Answering RIA Novosti's question on the aims of the visit, he said the main aim was "to see at site the nuclear power plant's first unit being built." The head of Rosatom stressed the necessity to closely monitor the construction on the part of the leadership to expedite work and prevent difficulties.

"We should say with content that the construction of the unit is nearing completion, and now we are preparing the fuel to be delivered to the NPP," said Mr. Rumyantsev.

"We hope," he said, "that we will sign documents that regulate handling fuel on the Bushehr-1 reactor.

Mr. Rumyantsev said "within the framework of our traditional Russia-Iran relations, we will discuss the prospects of our further cooperation."

Touching upon the negotiating process between Iran and the European Union, as well as the issue of Washington's pressure on Tehran, Rumyantsev said "Iran is implementing its nuclear programs under full control of the IAEA, that's why there are no problems here."

Touching upon the issue of a possible construction by Russian experts of the second unit of the Bushehr nuclear power plant, the head of Rosatom said it was necessary to complete the construction of the first unit and then speak about the second one.

Rumyantsev said once again that "the project of the construction of the first unit of the Bushehr NPP is absolutely peaceful and is under full control of the IAEA."

The facility will be put into operation in late 2005, to be commissioned in the beginning of 2006.
Except there is.
"... Rumyantsev, referring to the U.N.'s Vienna-based nuclear watchdog, reiterated that delivery and return of spent nuclear fuel "will be conducted strictly under the International Atomic Energy Agency's aegis."

Mohammad Saeedi, deputy head of Iran's Atomic Energy Organization, said Iranian and Russian officials were settling details over the time of delivering nuclear fuel to Iran.

"The difference over the timing of delivery is between one or two months, which should be solved soon," IRNA quoted Saeedi as saying. ...

"If the (power station) comes on stream in 2006, then for now it is too early to be delivering fuel," Rumyantsev said.
If the reactor is to be fired up for testing in late 2005 with full operation in 2006, I find it hard to believe there would be argumentative differences over whether the fuel is delivered in one or two months. (No doubt the Russians want to deliver it tomorrow and the Iranians want to wait for two months.
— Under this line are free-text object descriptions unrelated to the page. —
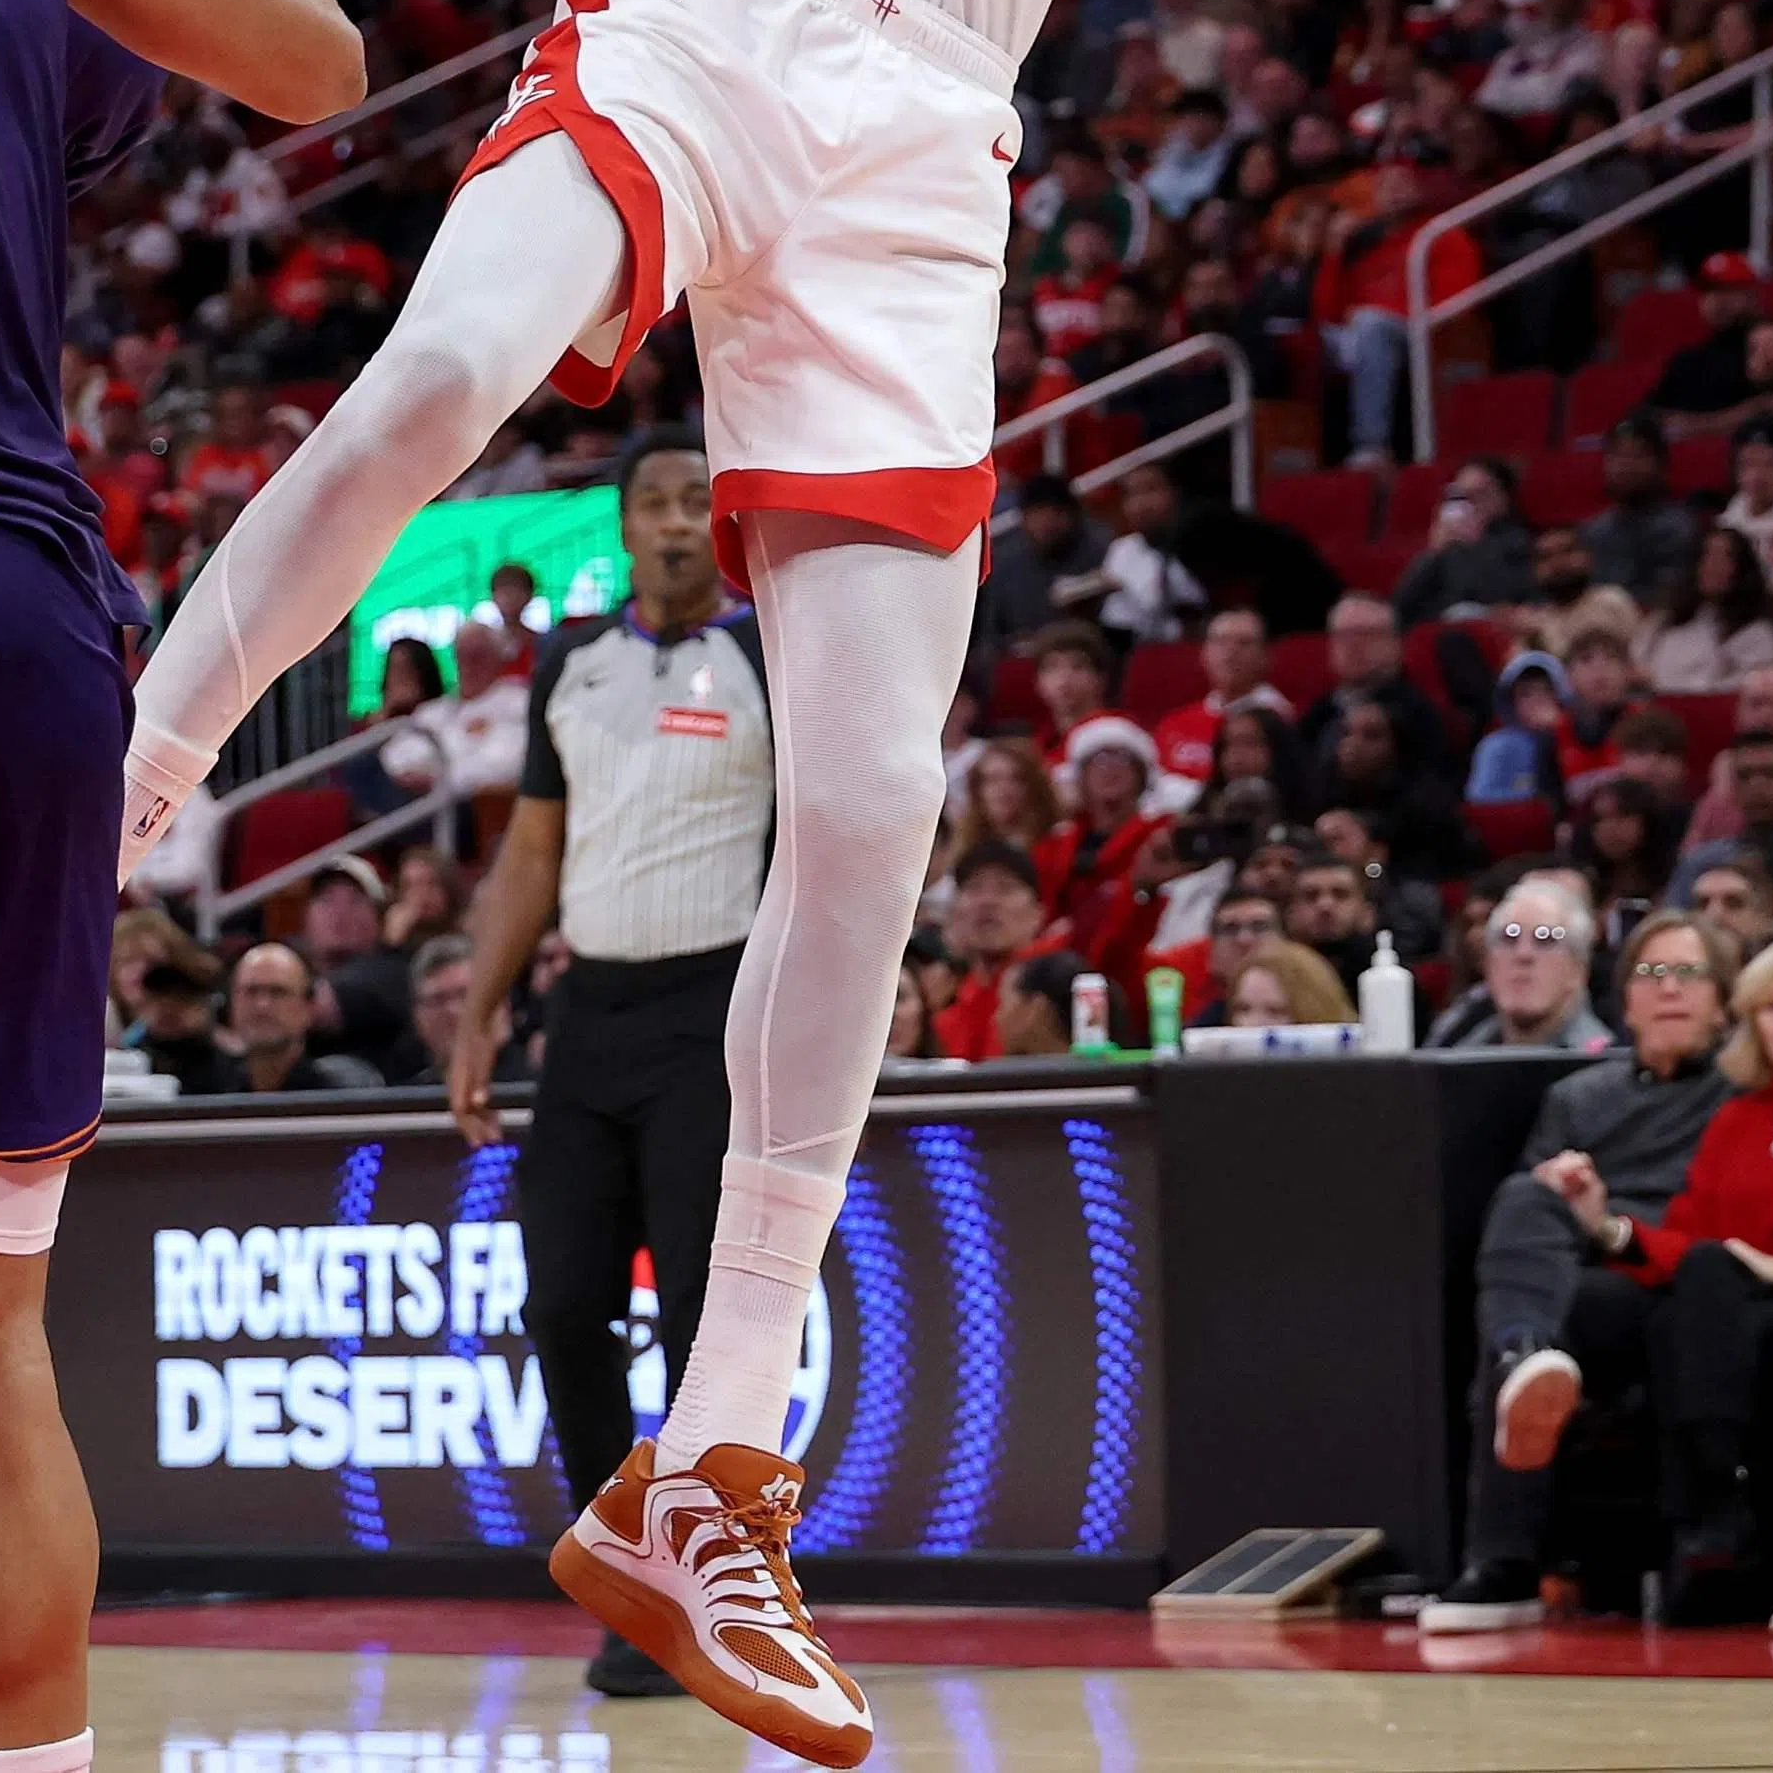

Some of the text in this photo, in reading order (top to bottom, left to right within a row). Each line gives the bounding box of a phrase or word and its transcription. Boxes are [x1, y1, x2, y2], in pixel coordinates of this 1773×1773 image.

[154, 1220, 529, 1342] ROCKETS FA
[155, 1354, 548, 1470] DESERV
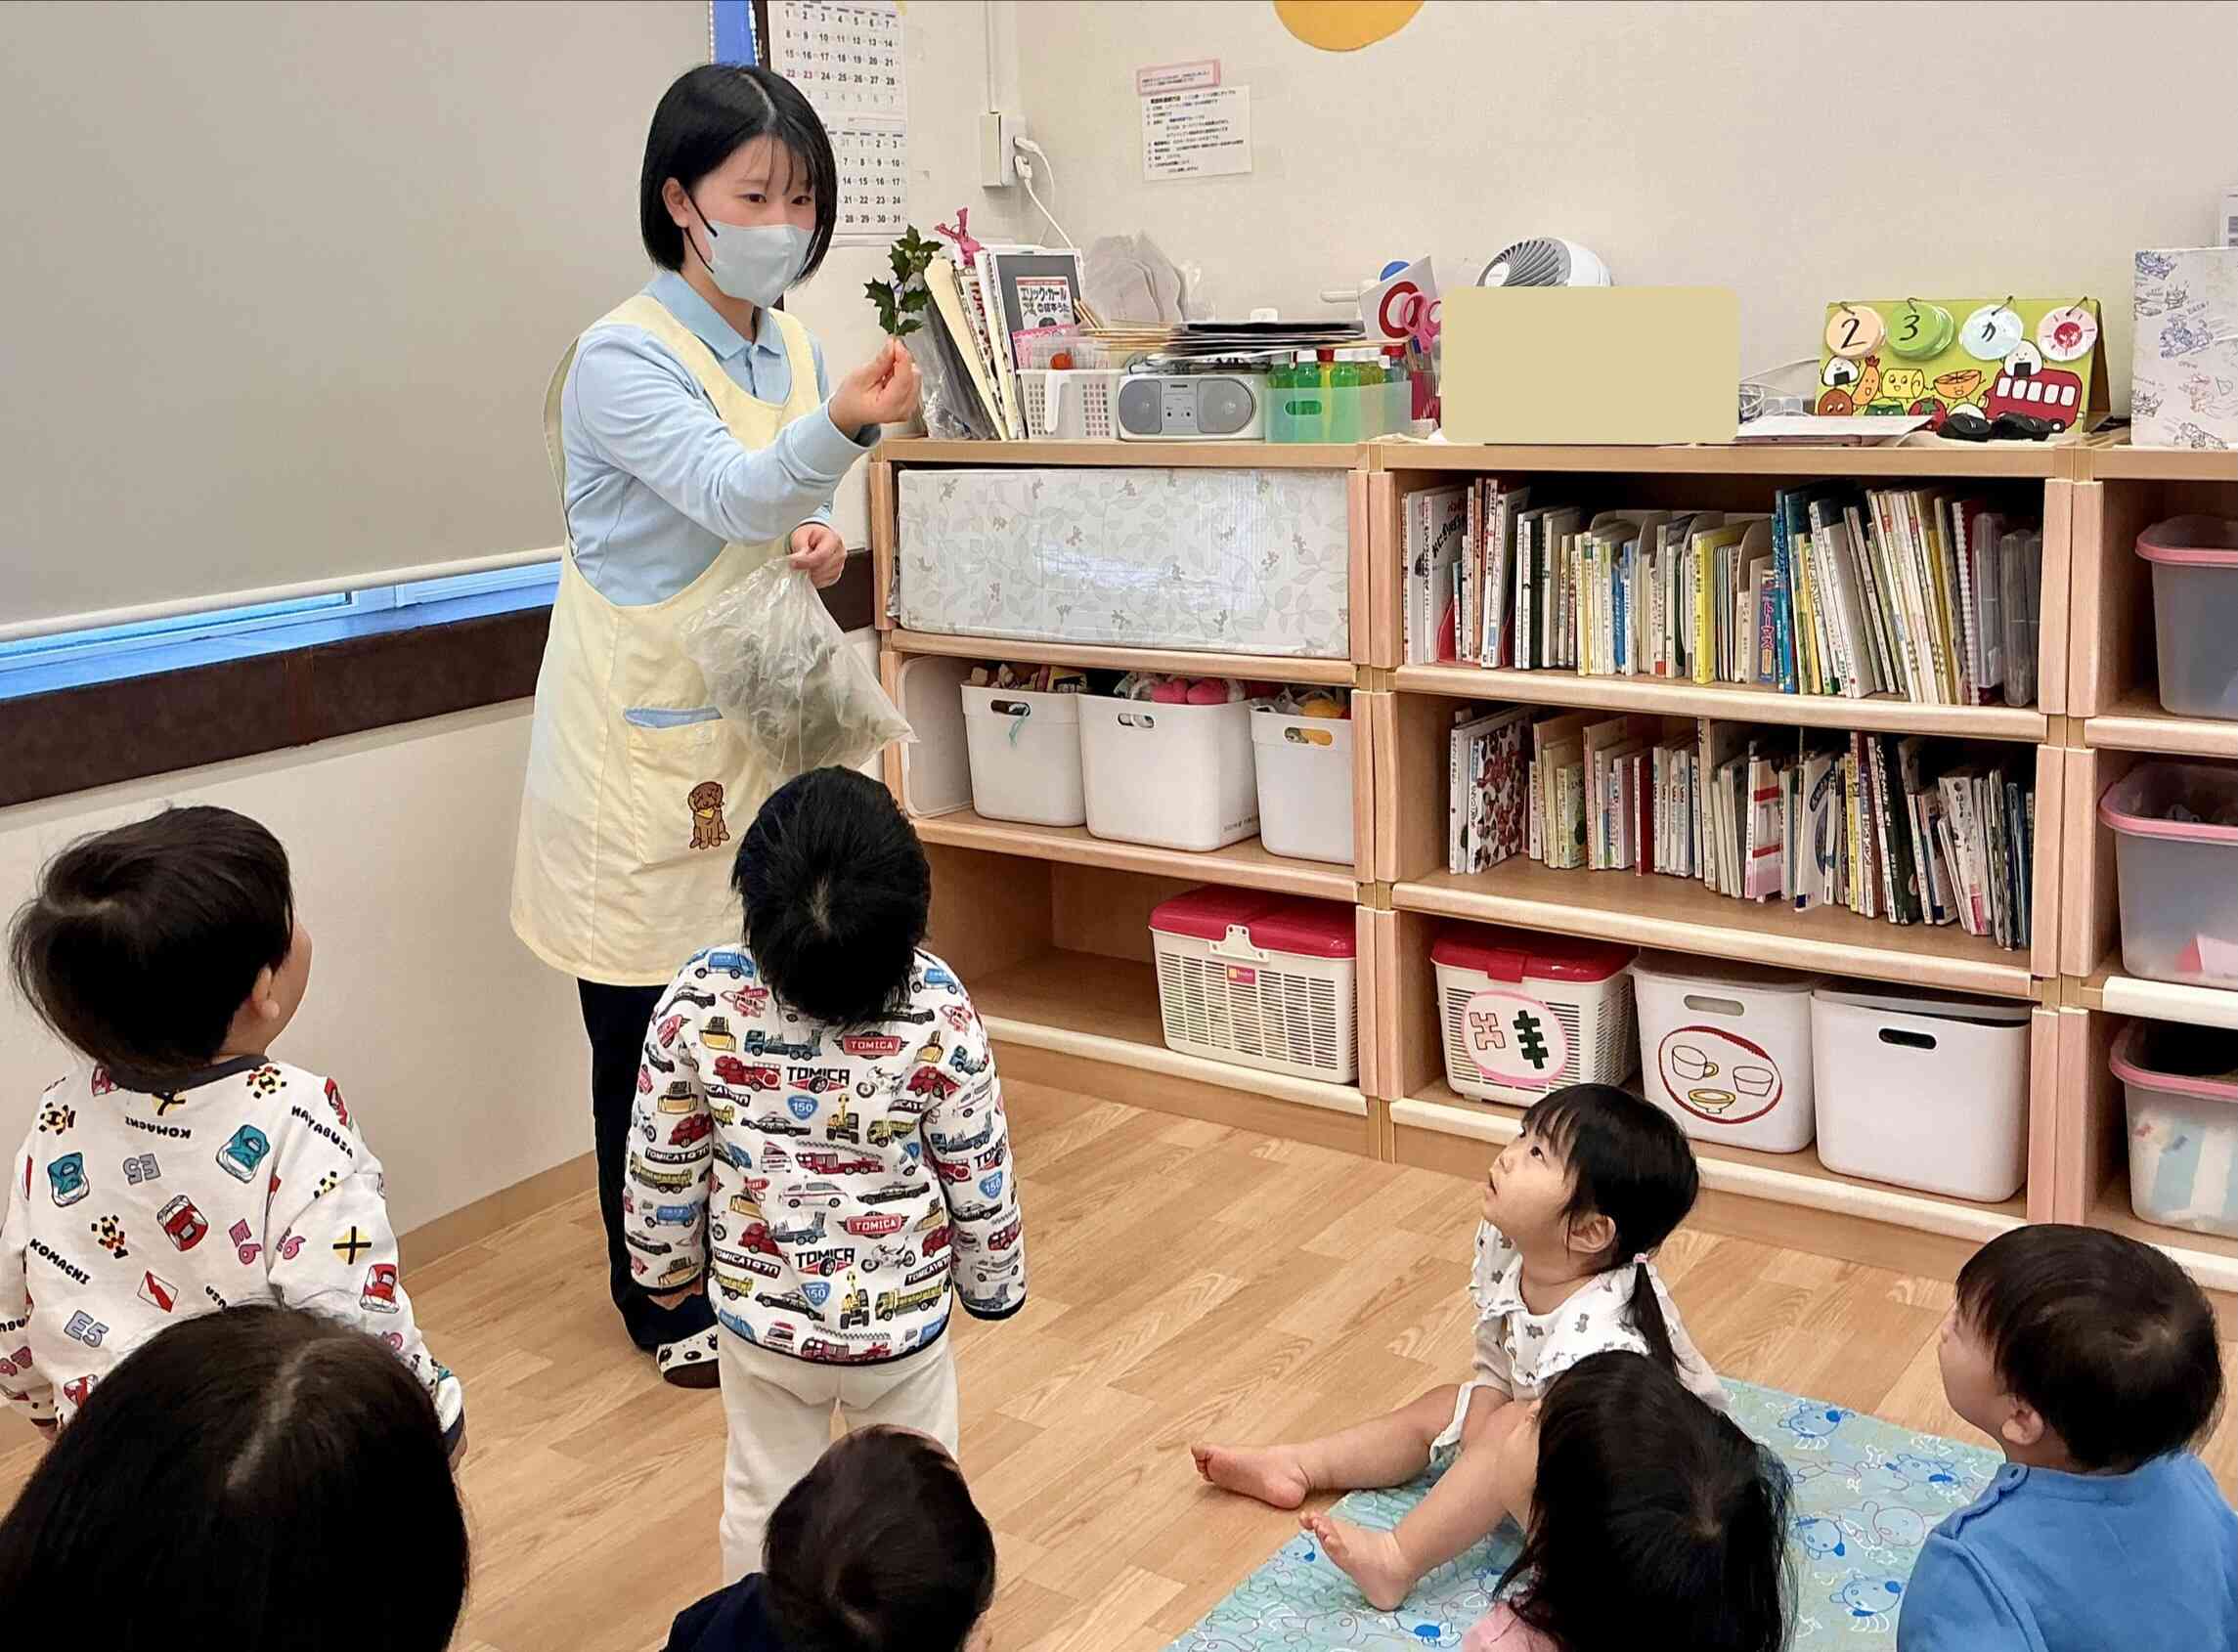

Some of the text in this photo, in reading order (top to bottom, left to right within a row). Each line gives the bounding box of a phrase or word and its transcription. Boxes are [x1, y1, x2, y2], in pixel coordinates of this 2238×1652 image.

[785, 9, 789, 18] 1
[803, 11, 808, 20] 2
[820, 13, 825, 22] 3
[838, 15, 843, 23] 4
[854, 17, 858, 25] 5
[885, 20, 890, 29] 7
[804, 31, 809, 40] 9
[819, 33, 828, 42] 10
[837, 34, 845, 43] 11
[853, 36, 860, 45] 12
[785, 49, 794, 59] 15
[803, 51, 812, 60] 16
[869, 57, 878, 65] 20
[786, 68, 895, 86] 22 23 24 25 26 27 28
[875, 140, 881, 149] 2
[877, 158, 882, 167] 9
[859, 177, 868, 186] 15
[876, 177, 884, 186] 16
[844, 196, 852, 204] 21
[859, 196, 868, 204] 22
[845, 214, 900, 224] 28 29 30 31
[1841, 318, 1866, 349] 2
[1899, 314, 1920, 341] 3
[851, 1040, 894, 1050] TOMICA
[786, 1066, 851, 1086] TOMICA
[792, 1102, 813, 1113] 150
[125, 1115, 192, 1140] KOMACHI
[290, 1106, 353, 1159] HAYABUSA
[122, 1152, 161, 1186] E5
[985, 1178, 1001, 1193] 150
[856, 1219, 897, 1231] TOMICA
[29, 1238, 91, 1285] KOMACHI
[795, 1247, 856, 1269] TOMICA
[808, 1288, 826, 1300] 150
[64, 1309, 110, 1348] E5
Uh huh.)

What a host of problems are being swept under the rug by Putin. First off, the Russians have trouble accounting and securing their own nuclear materials; much less managing an agreement to guarantee the same for Iran. Second, IAEA monitoring and verification of Iranian compliance to their obligations are a joke - Iran's cooperation has been only a few rungs below that of Iraq under Saddam. When Iran's nuclear weapons development schedule goes critical, the IAEA will be bounced just as it was with Iraq on WMD and DPNK, the latter seesawing every few months.

If the Russians gave a damn and were working in good faith with Europe and the US, they would be waiting, at the barest minimum, until all the protocols are prepared and signed by Iran with the 'European Three' before even discussing if delivery should be in one month or 12.

But the Russians have an advantage. First, they can say they need the money. Second, they also need to keep their nuclear folks employed so they don't go off to freelance. ... Finally, reason #999 is that the various sites can always be destroyed by you know who.

When the last reason has to be implemented, it would be a bummer if the Russians hadn't gotten paid yet! Let's see now, where's Jim Baker's phone number ...

022705,11:25AM Update: Russia and Iran signed the agreement, today. Both hope the provisions for delivery and repatriation of the spent fuel it will allay US concerns. Details of the provisions were not divulged! Yeah, that will work.